THE INPUT

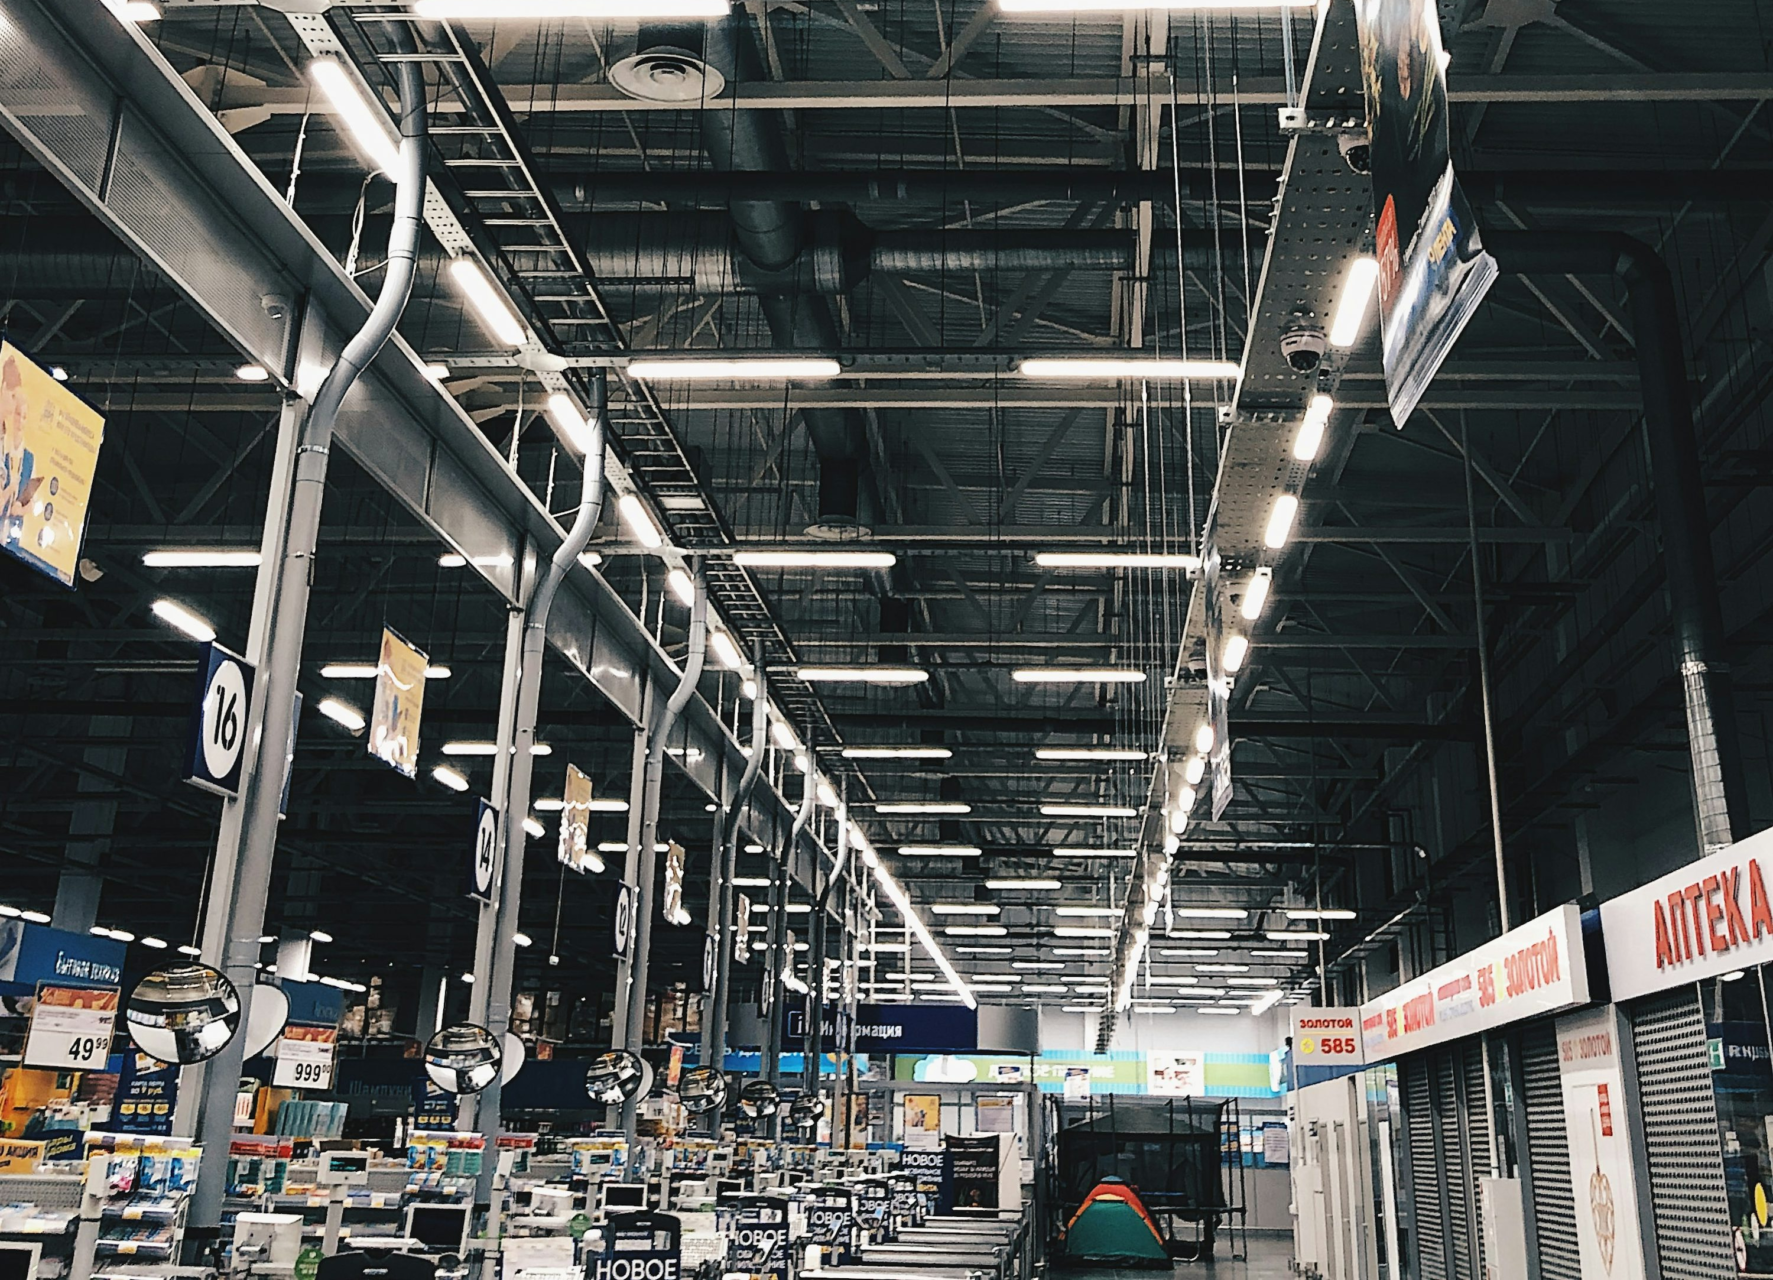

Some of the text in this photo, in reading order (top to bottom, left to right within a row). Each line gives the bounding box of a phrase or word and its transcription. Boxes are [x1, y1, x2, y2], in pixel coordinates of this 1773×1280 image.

[213, 684, 238, 752] 16
[479, 826, 492, 873] 14
[1654, 858, 1773, 969] АПТЕКА
[1504, 925, 1561, 999] ЗОЛОТОЙ
[1299, 1017, 1353, 1029] ЗОЛОТОЙ
[68, 1036, 109, 1061] 49 99
[1321, 1037, 1356, 1054] 585
[295, 1063, 321, 1083] 999
[350, 1081, 412, 1097] Шампуни
[902, 1153, 944, 1167] НОВОЕ
[596, 1258, 678, 1280] НОВОЕ
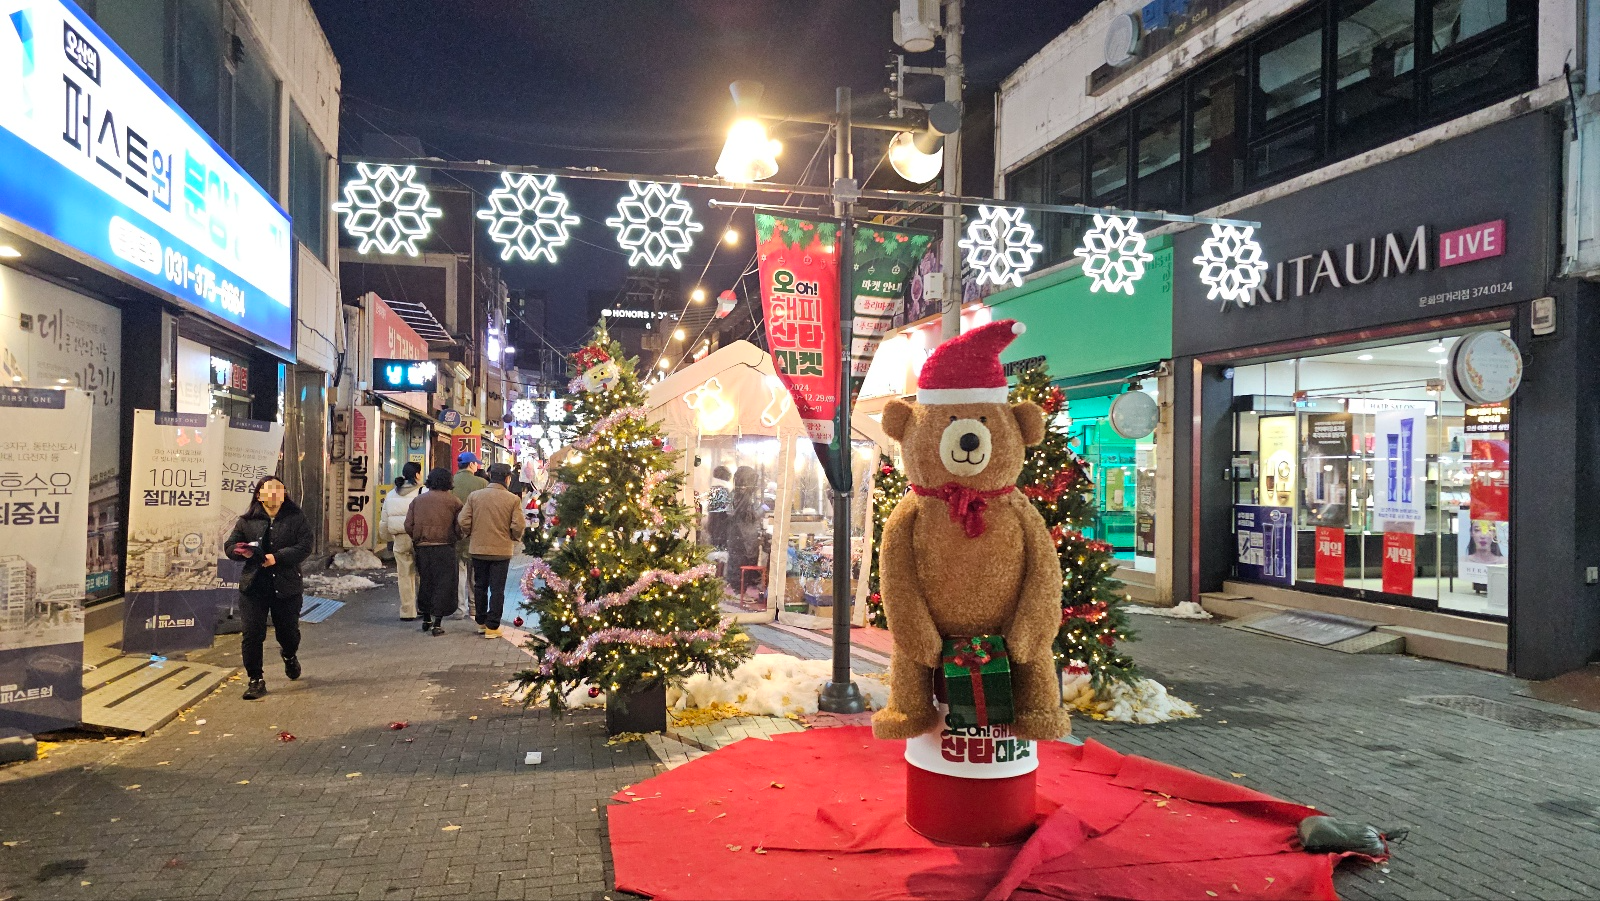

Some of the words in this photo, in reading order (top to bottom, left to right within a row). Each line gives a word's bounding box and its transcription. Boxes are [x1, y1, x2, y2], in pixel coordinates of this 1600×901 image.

[65, 30, 97, 79] 오산역
[62, 73, 172, 213] 퍼스트원
[1220, 225, 1426, 313] RITAUM
[1445, 227, 1495, 260] LIVE
[773, 269, 795, 294] 오
[795, 280, 818, 295] Oh!
[861, 279, 881, 292] 마켓
[882, 280, 903, 293] 안내
[1419, 289, 1470, 307] 문화의거리점
[1472, 281, 1513, 298] 374.0124
[612, 309, 650, 319] HONORS
[771, 295, 822, 323] 해피
[771, 321, 824, 350] 산타
[773, 349, 824, 377] 마켓
[790, 383, 812, 392] 2024.
[2, 394, 29, 402] FIRST
[32, 395, 52, 403] ONE
[33, 441, 77, 452] 동탄신도시
[51, 453, 60, 463] 등
[149, 467, 207, 489] 100년
[143, 489, 210, 507] 절대상권
[1317, 541, 1342, 558] 세일
[1386, 547, 1412, 565] 세일
[158, 617, 195, 629] 퍼스트원
[1, 684, 53, 703] 퍼스트원

EXERCISE
Produce the material above again in full, with identical lines and no pictures.

TASK RESPONSE
Some of the text in this photo, in reading order (top to bottom, left to right within a row). Each line gives the bounding box of a phrase or word and its transcription. Boxes are [x1, y1, x2, y2], in pixel coordinates of this 1773×1280 image.

[213, 684, 238, 752] 16
[479, 826, 492, 873] 14
[1654, 858, 1773, 969] АПТЕКА
[1504, 925, 1561, 999] ЗОЛОТОЙ
[1299, 1017, 1353, 1029] ЗОЛОТОЙ
[68, 1036, 109, 1061] 49 99
[1321, 1037, 1356, 1054] 585
[295, 1063, 321, 1083] 999
[350, 1081, 412, 1097] Шампуни
[902, 1153, 944, 1167] НОВОЕ
[596, 1258, 678, 1280] НОВОЕ

Some of the words in this photo, in reading order (top to bottom, left to right within a row). Each line gives a word's bounding box and its transcription. Boxes are [x1, y1, x2, y2], in pixel coordinates of this 1600×901 image.

[65, 30, 97, 79] 오산역
[62, 73, 172, 213] 퍼스트원
[1220, 225, 1426, 313] RITAUM
[1445, 227, 1495, 260] LIVE
[773, 269, 795, 294] 오
[795, 280, 818, 295] Oh!
[861, 279, 881, 292] 마켓
[882, 280, 903, 293] 안내
[1419, 289, 1470, 307] 문화의거리점
[1472, 281, 1513, 298] 374.0124
[612, 309, 650, 319] HONORS
[771, 295, 822, 323] 해피
[771, 321, 824, 350] 산타
[773, 349, 824, 377] 마켓
[790, 383, 812, 392] 2024.
[2, 394, 29, 402] FIRST
[32, 395, 52, 403] ONE
[33, 441, 77, 452] 동탄신도시
[51, 453, 60, 463] 등
[149, 467, 207, 489] 100년
[143, 489, 210, 507] 절대상권
[1317, 541, 1342, 558] 세일
[1386, 547, 1412, 565] 세일
[158, 617, 195, 629] 퍼스트원
[1, 684, 53, 703] 퍼스트원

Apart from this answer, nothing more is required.